> **Exercise instructions**: Every record should be written out exactly, please.

> **Collected data**:
============================================================
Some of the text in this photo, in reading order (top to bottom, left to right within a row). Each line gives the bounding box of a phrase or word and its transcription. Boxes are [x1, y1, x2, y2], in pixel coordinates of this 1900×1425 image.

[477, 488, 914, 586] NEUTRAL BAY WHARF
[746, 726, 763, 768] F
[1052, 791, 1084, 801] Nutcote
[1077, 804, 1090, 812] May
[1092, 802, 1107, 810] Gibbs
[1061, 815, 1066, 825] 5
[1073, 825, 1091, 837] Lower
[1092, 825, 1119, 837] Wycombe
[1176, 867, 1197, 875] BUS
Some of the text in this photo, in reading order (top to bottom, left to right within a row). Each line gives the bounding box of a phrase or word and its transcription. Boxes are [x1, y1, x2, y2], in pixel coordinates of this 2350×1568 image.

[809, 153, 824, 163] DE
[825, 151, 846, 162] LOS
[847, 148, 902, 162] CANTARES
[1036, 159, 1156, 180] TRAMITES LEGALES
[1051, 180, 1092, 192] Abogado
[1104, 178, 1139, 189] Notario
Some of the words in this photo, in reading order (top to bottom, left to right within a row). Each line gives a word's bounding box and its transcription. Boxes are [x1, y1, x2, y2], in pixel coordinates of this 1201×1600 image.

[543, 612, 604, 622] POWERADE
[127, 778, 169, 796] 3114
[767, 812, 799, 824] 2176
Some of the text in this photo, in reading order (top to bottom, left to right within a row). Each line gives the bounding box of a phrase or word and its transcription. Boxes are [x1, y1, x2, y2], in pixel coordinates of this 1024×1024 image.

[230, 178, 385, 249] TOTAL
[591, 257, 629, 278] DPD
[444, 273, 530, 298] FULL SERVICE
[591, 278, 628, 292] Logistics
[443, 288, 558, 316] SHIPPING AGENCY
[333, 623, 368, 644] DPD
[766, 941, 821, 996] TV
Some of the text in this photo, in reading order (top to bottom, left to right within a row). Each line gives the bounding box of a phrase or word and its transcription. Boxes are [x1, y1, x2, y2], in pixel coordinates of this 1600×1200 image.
============================================================
> **Task answer**:
Some of the text in this photo, in reading order (top to bottom, left to right within a row). Each line gives the bounding box of a phrase or word and its transcription. Boxes are [x1, y1, x2, y2], in pixel coordinates of this 1900×1425 image.

[477, 488, 914, 586] NEUTRAL BAY WHARF
[746, 726, 763, 768] F
[1052, 791, 1084, 801] Nutcote
[1077, 804, 1090, 812] May
[1092, 802, 1107, 810] Gibbs
[1061, 815, 1066, 825] 5
[1073, 825, 1091, 837] Lower
[1092, 825, 1119, 837] Wycombe
[1176, 867, 1197, 875] BUS
Some of the text in this photo, in reading order (top to bottom, left to right within a row). Each line gives the bounding box of a phrase or word and its transcription. Boxes are [x1, y1, x2, y2], in pixel coordinates of this 2350×1568 image.

[809, 153, 824, 163] DE
[825, 151, 846, 162] LOS
[847, 148, 902, 162] CANTARES
[1036, 159, 1156, 180] TRAMITES LEGALES
[1051, 180, 1092, 192] Abogado
[1104, 178, 1139, 189] Notario
Some of the words in this photo, in reading order (top to bottom, left to right within a row). Each line gives a word's bounding box and its transcription. Boxes are [x1, y1, x2, y2], in pixel coordinates of this 1201×1600 image.

[543, 612, 604, 622] POWERADE
[127, 778, 169, 796] 3114
[767, 812, 799, 824] 2176
Some of the text in this photo, in reading order (top to bottom, left to right within a row). Each line gives the bounding box of a phrase or word and its transcription. Boxes are [x1, y1, x2, y2], in pixel coordinates of this 1024×1024 image.

[230, 178, 385, 249] TOTAL
[591, 257, 629, 278] DPD
[444, 273, 530, 298] FULL SERVICE
[591, 278, 628, 292] Logistics
[443, 288, 558, 316] SHIPPING AGENCY
[333, 623, 368, 644] DPD
[766, 941, 821, 996] TV
Some of the text in this photo, in reading order (top to bottom, left to right within a row). Each line gives the bounding box of a phrase or word and its transcription. Boxes are [x1, y1, x2, y2], in pixel coordinates of this 1600×1200 image.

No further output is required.